## EXCERPTED RECORDS
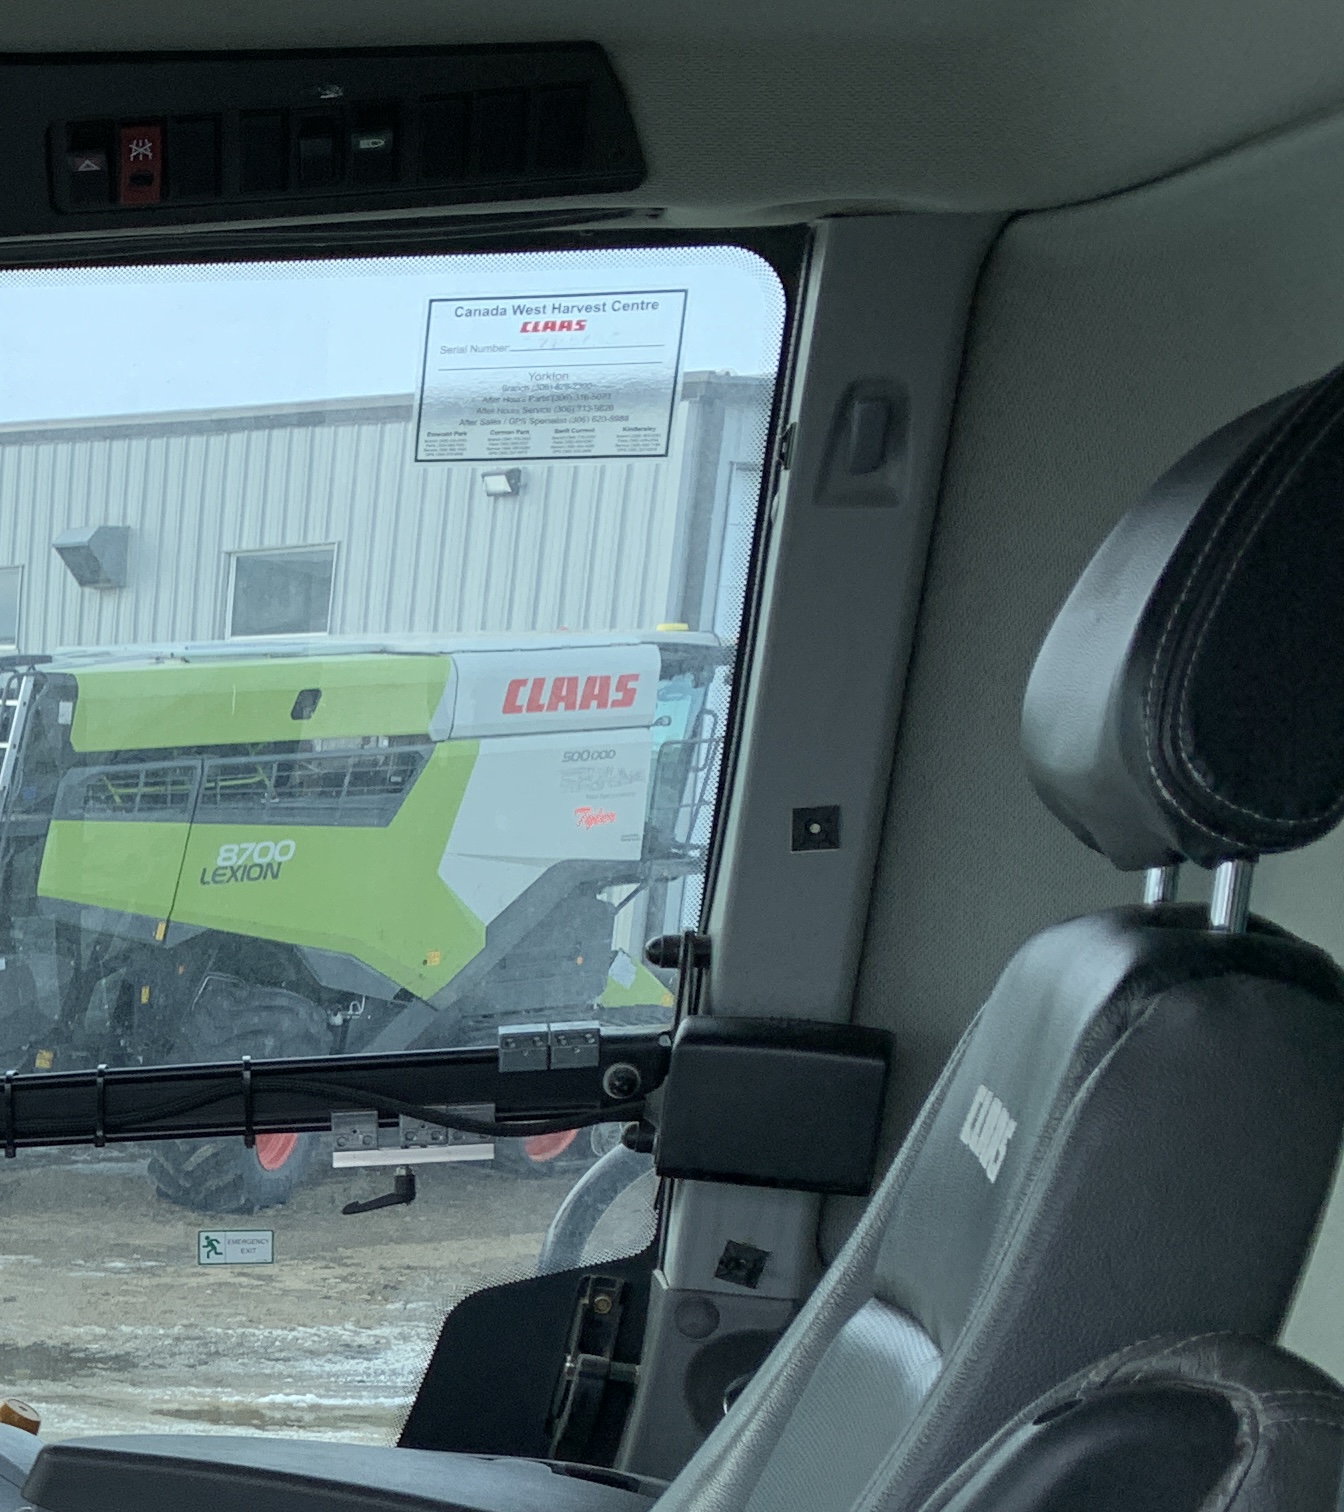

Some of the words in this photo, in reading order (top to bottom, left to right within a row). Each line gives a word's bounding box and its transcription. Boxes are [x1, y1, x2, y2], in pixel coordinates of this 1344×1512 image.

[454, 305, 507, 318] Canada
[512, 304, 547, 316] West
[552, 303, 607, 315] Harvest
[611, 300, 660, 312] Centre
[519, 319, 588, 333] CLAAS
[439, 345, 468, 355] Serial
[528, 370, 569, 382] Yorkton
[482, 394, 501, 403] After
[477, 406, 496, 415] After
[459, 418, 478, 427] After
[480, 417, 501, 426] Sales
[502, 673, 641, 715] CLAAS
[216, 838, 296, 867] 8700
[200, 861, 283, 885] LEXION
[227, 1238, 269, 1246] EMERGENCY
[240, 1247, 257, 1255] EXIT
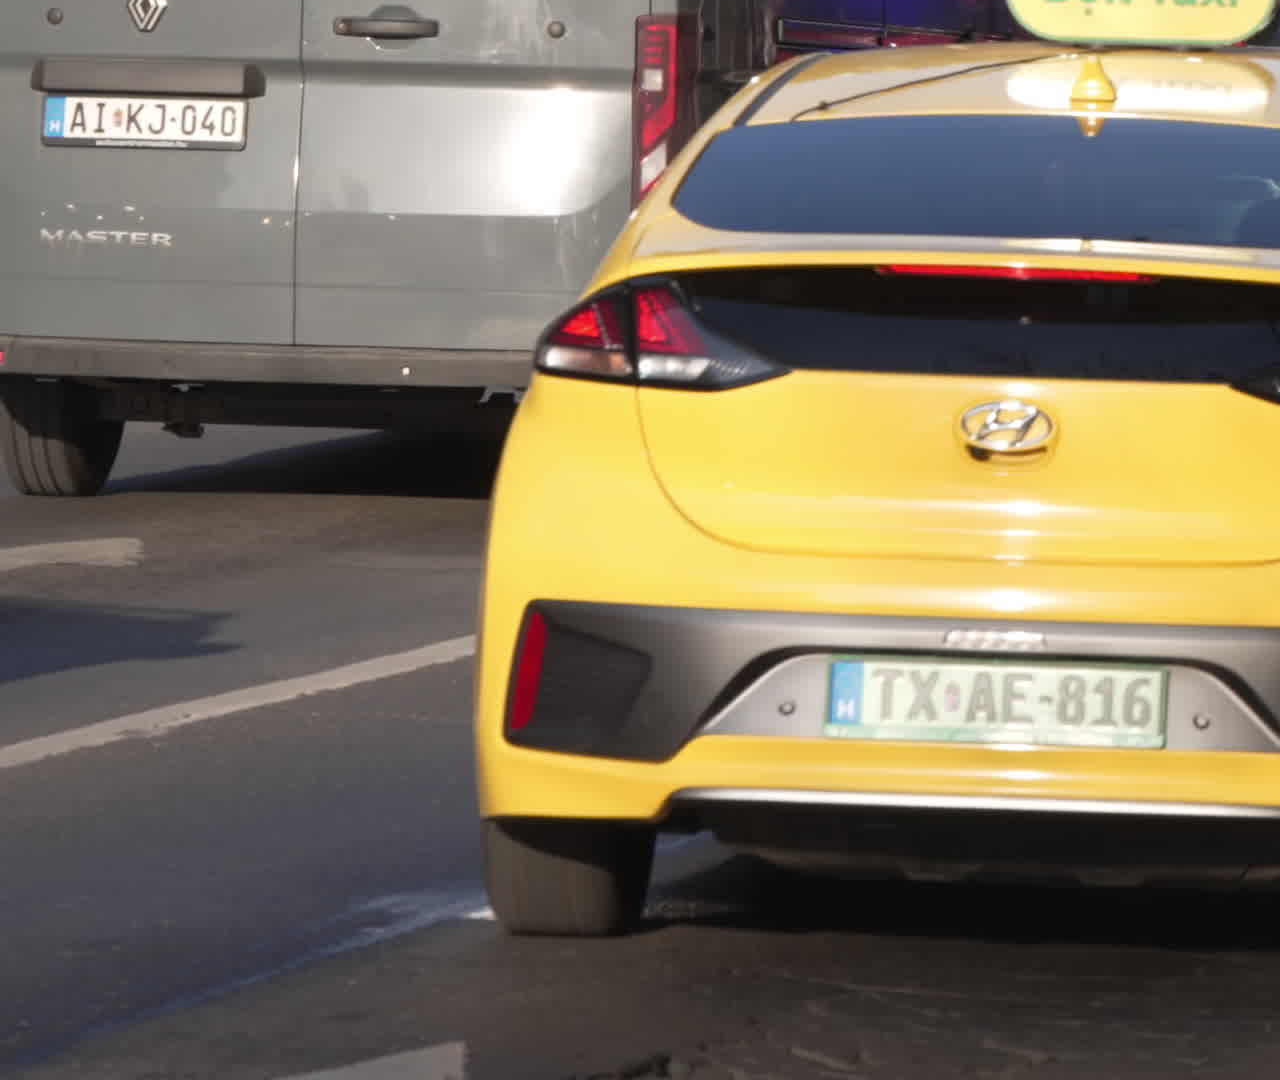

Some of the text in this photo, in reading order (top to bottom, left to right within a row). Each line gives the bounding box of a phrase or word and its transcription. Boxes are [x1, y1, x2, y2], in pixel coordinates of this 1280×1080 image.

## TO DO
Your task is to transcribe all of the records precisely, with no images included.

## OUTPUT FOR THIS EXERCISE
Some of the words in this photo, in reading order (top to bottom, left to right within a row). Each line gives a word's bounding box and its transcription. Boxes are [x1, y1, x2, y2], in pixel coordinates of this 1344×1512 image.

[454, 305, 507, 318] Canada
[512, 304, 547, 316] West
[552, 303, 607, 315] Harvest
[611, 300, 660, 312] Centre
[519, 319, 588, 333] CLAAS
[439, 345, 468, 355] Serial
[528, 370, 569, 382] Yorkton
[482, 394, 501, 403] After
[477, 406, 496, 415] After
[459, 418, 478, 427] After
[480, 417, 501, 426] Sales
[502, 673, 641, 715] CLAAS
[216, 838, 296, 867] 8700
[200, 861, 283, 885] LEXION
[227, 1238, 269, 1246] EMERGENCY
[240, 1247, 257, 1255] EXIT

Some of the text in this photo, in reading order (top to bottom, left to right within a row). Each line gives the bounding box of a phrase or word and its transcription. Boxes are [x1, y1, x2, y2], in pixel coordinates of this 1280×1080 image.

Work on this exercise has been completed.